Putting America's health care system under the microscope, the gripping documentary by filmmakers Matthew Heineman and Susan Froemke highlights the ongoing struggle for reform through first-person stories as well as insights from a host of noted luminaries, who, aside from Burd, include former Director of Medicare/Medicaid Dr. Donald Berwick, the Cleveland Clinic's Dr. Toby Cosgrove and Chief of Cardiology Dr. Steven Nissen, the Pentagon's DOD Pain Task Force, and preventive medicine pioneers Andrew Weil and Dean Ornish, all of whom are on the front lines to implement solutions and, as the film's title suggests, "escape fires" to repel the inferno engulfing America's health care system.

Burd's key takeaway in the film: "Doing good and doing well need not be mutually exclusive. A healthy company benefits everyone, from employees to shareholders."

A Legacy of Leadership

By Burt P. Flickinger III

Steve Burd demonstrated many unique abilities in his 30-plus years with Safeway and working with New York-based Kohl-berg Kravis Roberts (KKR), Safeway's largest investor. Throughout that time, Burd offered strategies proved pivotal for holding the business together.

When he started working with KKR and Safeway, the chain was financially overleveraged with underperforming divisions, including Little Rock, Houston and Oklahoma. Burd worked with Safeway to sell the underperforming divisions to reinvest in Safeway's western U.S. and Canadian divisions, with more size and scale in contiguous markets.

Burd built up Safeway's balance sheet from "junk rated" to a class A credit rating.
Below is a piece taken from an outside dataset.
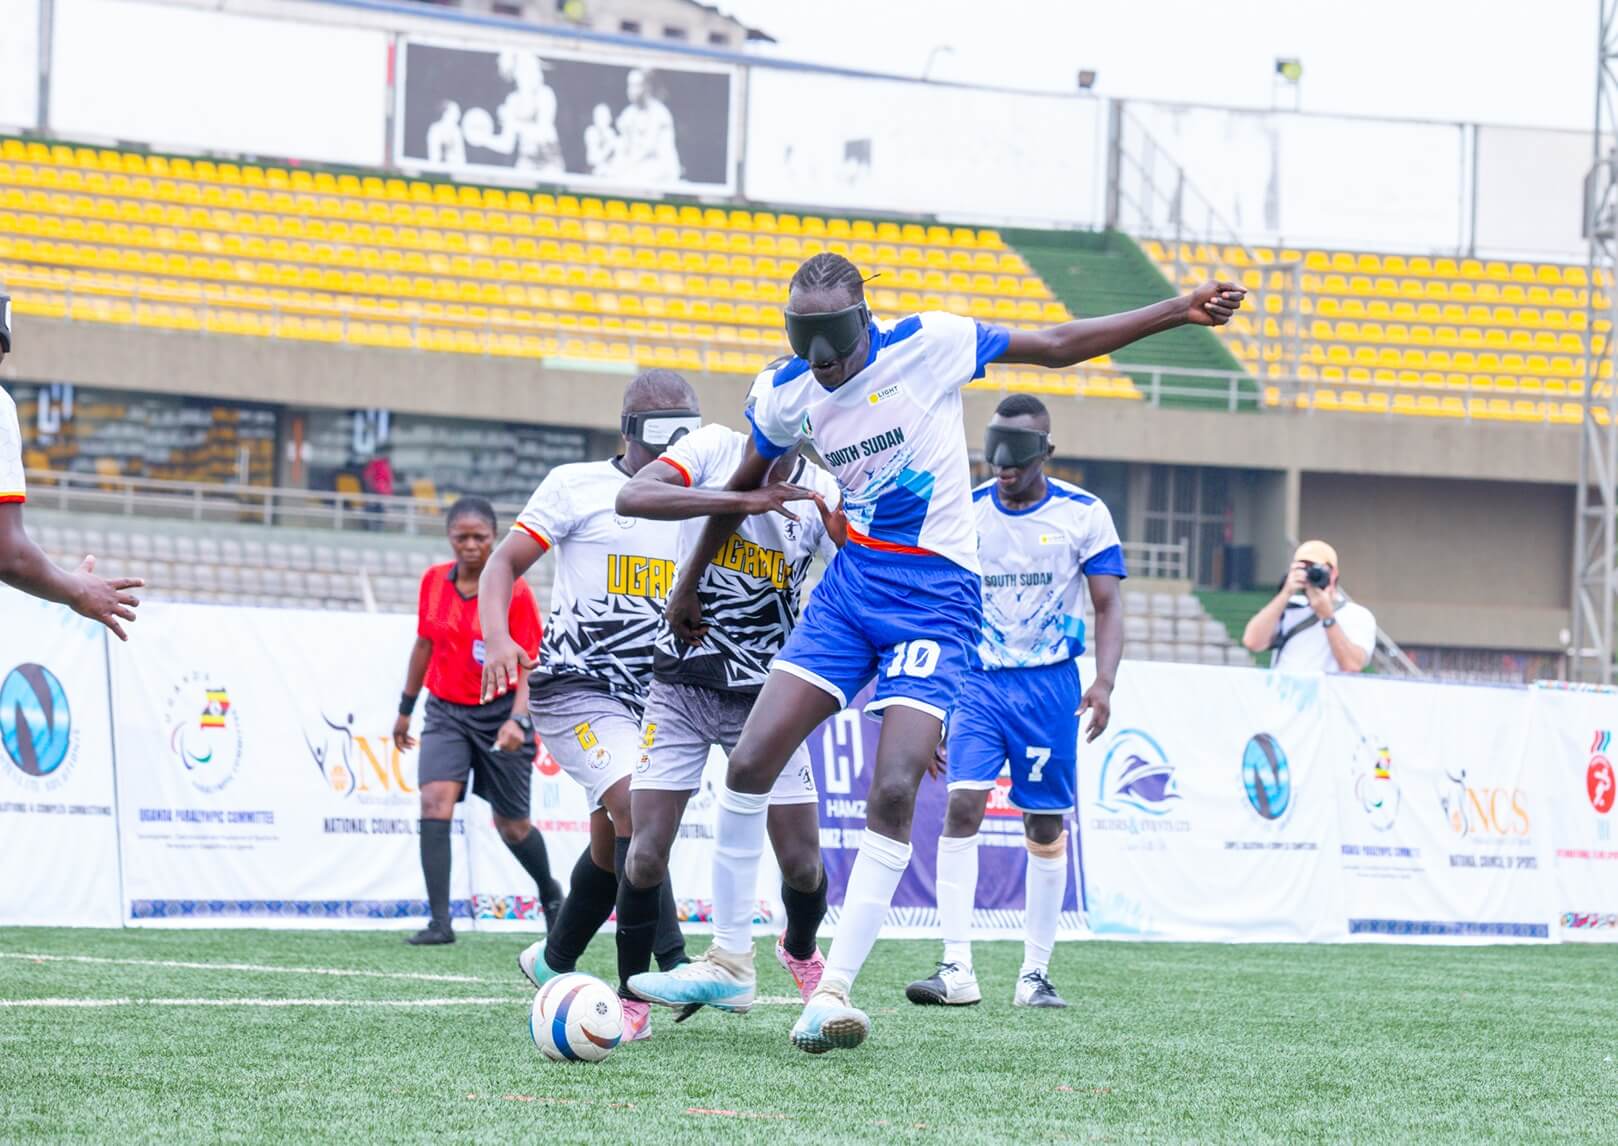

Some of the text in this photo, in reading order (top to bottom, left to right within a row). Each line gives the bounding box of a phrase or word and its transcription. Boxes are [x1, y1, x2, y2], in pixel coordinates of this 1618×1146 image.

By comparison, numerous class A credit-rated companies have deteriorated to "junk" ratings, including industry leaders ranging from JC Penney and Supervalu, to Toys R Us, A&P, Barnes & Noble, and Best Buy, to name just a few.

Burd was key in working with KKR and Peter Magowan to save Safeway from crushing debt to make it a leader in some of the most important markets in the United States and Canada, while saving tens of thousands of jobs with excellent benefits and good pension plans — something that's certainly not a salient strength of any of the discount store chain operators.

Despite unprecedented competitive entry, Burd increased Safeway's market share in more than 25 major markets, such as Northern California and the Pacific Northwest, in addition to increasing market share nearly 100 percent in Arizona.

Having taken over legacy divisional and corporate teams of uneven talent, Burd used every opportunity to identify and develop some of the best future leaders in the industry.

Struggling with information technology, he recruited David Ching from Lucky Stores Inc. to help develop Safeway's leadership in technology and innovation, and then brought Dan Dmochowski aboard from Catalina Marketing to lead Safeway's exceptional Blackhawk business development. Next, PepsiCo's Brian Cornell arrived to lead numerous innovative initiatives. Cornell has since taken what he learned at Safeway to his present role as president of PepsiCo's largest business, America's Foods.

After working successfully with Burd for years, Rick Dreiling helped save Duane Reade before becoming CEO of an even bigger and more successful company, Dollar General. Burd also mentored Bruce Everette to replace the legendary leader of Safeway's most profitable division, Northern California.

Not to be outdone, Burd also developed some of the best and brightest women leaders in the industry, such as Larree Renda, who became Safeway's revered EVP of retail operations and who is now chief strategy officer.

Burd also recruited Terry Exner, Safeway's VP of shopper marketing, and Procter & Gamble's loss was Safeway's gain when he recruited Diane Dietz as Safeway's CMO.

As Burd built a strong business and leadership foundation to ensure Safeway's ongoing success in the future, A&P and Winn-Dixie, two of the top supermarket chains of the 20th century, spiraled out of control. These companies lacked the depth and range of leadership, as well as the executive team Burd developed to preserve the jobs of nearly 200,000. Both now and in the future, Steve Burd has secured success for Safeway through his decades of decisive, innovative leadership.

Burt P. Flickinger III is managing director at New York-based Strategic Resource Group.

Despite unprecedented competitive entry, Burd increased Safeway's market share in more than 25 major markets.